Our Chairman meets regularly with our CEO and other senior officers to discuss strategy and risks facing the Company. Senior management attends the quarterly Board meetings and participates in strategic planning sessions with the Board of Directors to discuss strategies, key challenges, risks and opportunities for the Company. Our Board committees also assist the Board of Directors in fulfilling its oversight responsibilities in certain areas of risk. The Audit Committee assists the Board of Directors in fulfilling its oversight responsibilities with respect to risk management in the areas of financial reporting, internal controls and compliance with legal and regulatory requirements, and, discusses policies with respect to risk assessment and risk management. Risk assessment reports are regularly provided by management to the Audit Committee. The Compensation Committee assists the Board of Directors in fulfilling its oversight responsibilities with respect to the management of risks arising from our compensation policies and programs. The Governance and Nominating Committee assists the Board of Directors in fulfilling its oversight responsibilities with respect to the management of risks associated with Board organization, membership and structure, succession planning for our directors and executive officers, and corporate governance. The Executive Committee meets regularly to review the progress of and provide guidance to management related to decisions that have been delegated to the Executive Committee by the Board of Directors.
Compensation of Directors
Under the Company’s policy for directors, each non-employee director receives an annual retainer of $60,000 plus $1,500 for each meeting of the Board of Directors that he or she attends in person and $750 for each meeting he or she attends telephonically, in each case, for meetings attended in excess of eight meetings (whether in-person or via telephone) during the twelve-month period beginning June 1st of each year. Additionally, the Chairman of the Board of Directors receives an annual retainer of $25,000, the chair of the Audit Committee receives an annual retainer of $24,000, the chair of the Compensation Committee receives an annual retainer of $13,000 and the chair of the Governance and Nominating Committee receives an annual retainer of $10,000. The members of the Audit Committee each receive an annual retainer of $12,000, the members of the Compensation Committee each receive an annual retainer of $8,000, and the members of the Governance and Nominating Committee each receive an annual retainer of $7,000.

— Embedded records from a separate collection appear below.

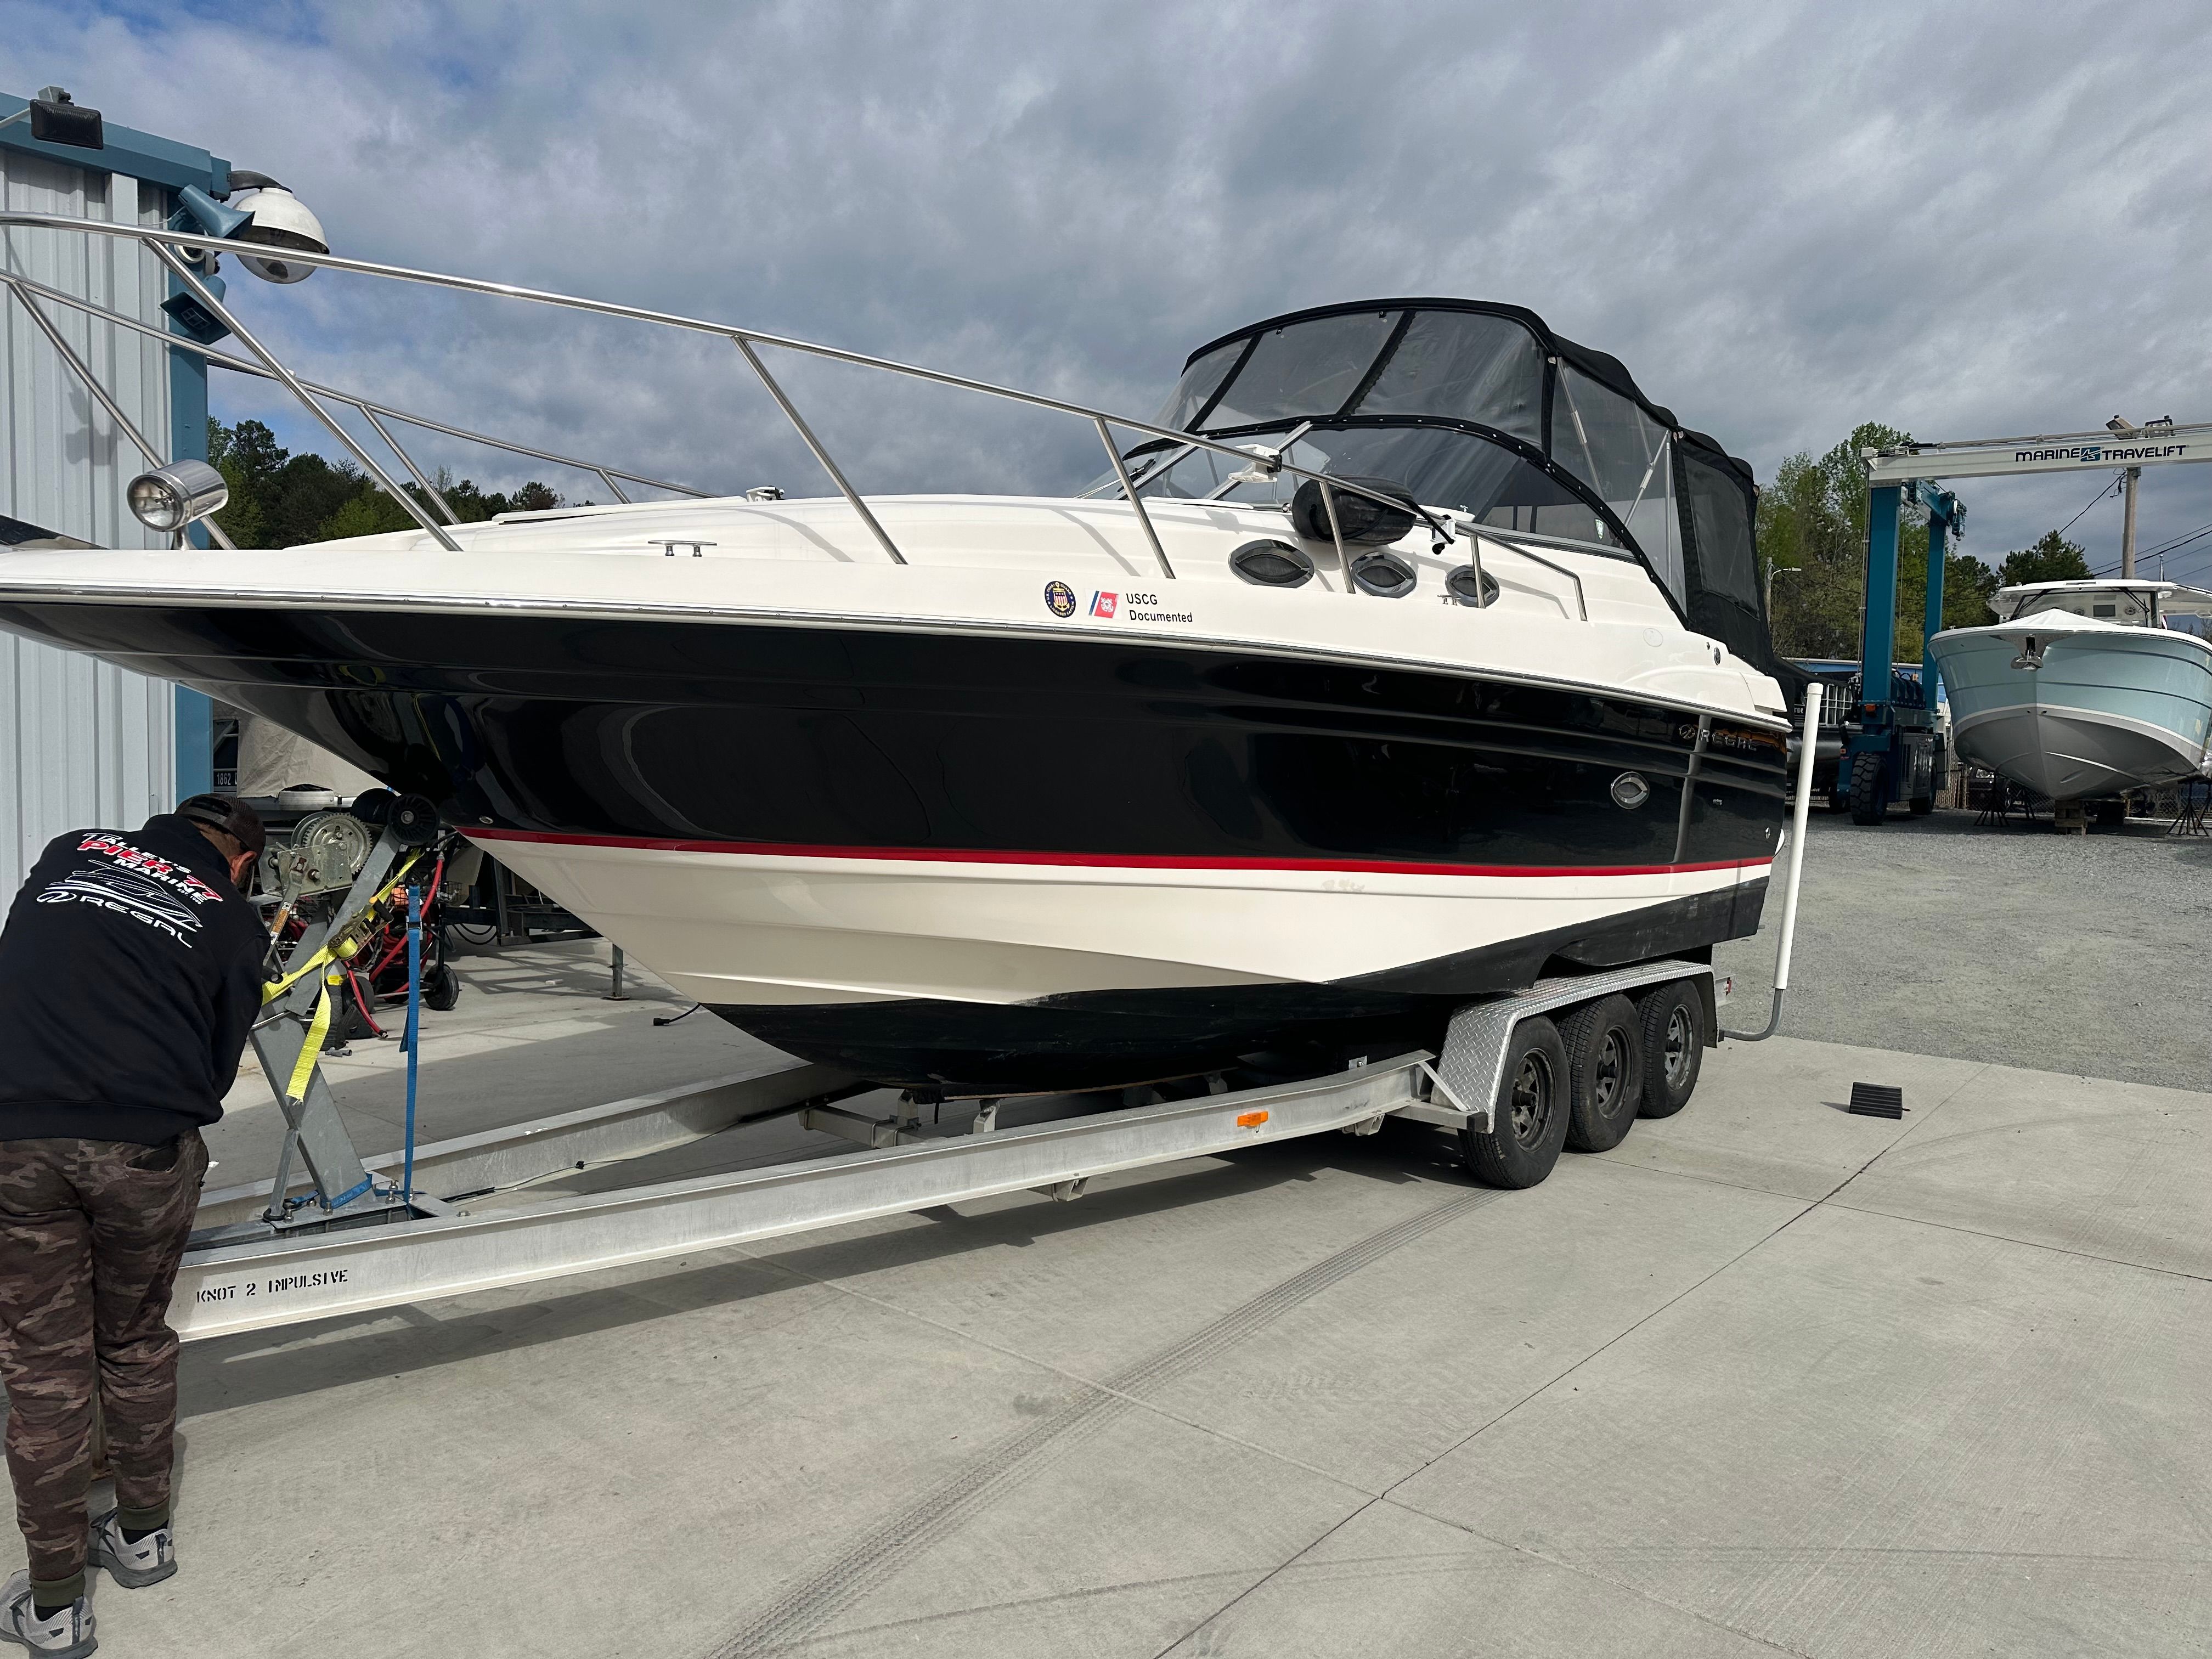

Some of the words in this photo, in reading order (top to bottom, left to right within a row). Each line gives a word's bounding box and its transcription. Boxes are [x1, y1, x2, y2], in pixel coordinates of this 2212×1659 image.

[2015, 448, 2080, 462] MARINE
[2101, 444, 2186, 460] TRAVELIFT
[1126, 593, 1158, 605] USCG
[1129, 610, 1193, 623] Documented
[1701, 729, 1757, 751] REGAL
[217, 772, 231, 786] 1862
[82, 833, 191, 873] TALLEY'S
[77, 840, 173, 874] PIER
[183, 874, 223, 901] 77
[113, 858, 208, 902] MARINE
[79, 896, 193, 949] REGAL
[196, 1285, 236, 1303] KNOT
[246, 1283, 256, 1296] 2
[268, 1269, 348, 1293] IMPULSIVE

The non-employee directors receive an annual automatic equity grant on the date of each annual stockholders meeting equal to that number of restricted stock units determined by dividing $80,000 by the trailing volume weighted average price of the Company’s Common Stock over the 30 consecutive trading days ending on the trading day prior to the date of grant, vesting 100% on the day prior to the following year’s regularly scheduled annual stockholders meeting, and otherwise subject to the terms and conditions of the Company’s standard form of non-employee director stock award agreement. In addition, on the date of each annual stockholders meeting, each non-employee director who was not a director on the date of the prior annual stockholder meeting will automatically be granted, upon his or her appointment, a pro rata award of restricted stock units based on the number of restricted stock units granted to the other non-employee directors on the date of the prior year’s annual stockholder meeting that will vest in full on the day prior to the next annual stockholder meeting.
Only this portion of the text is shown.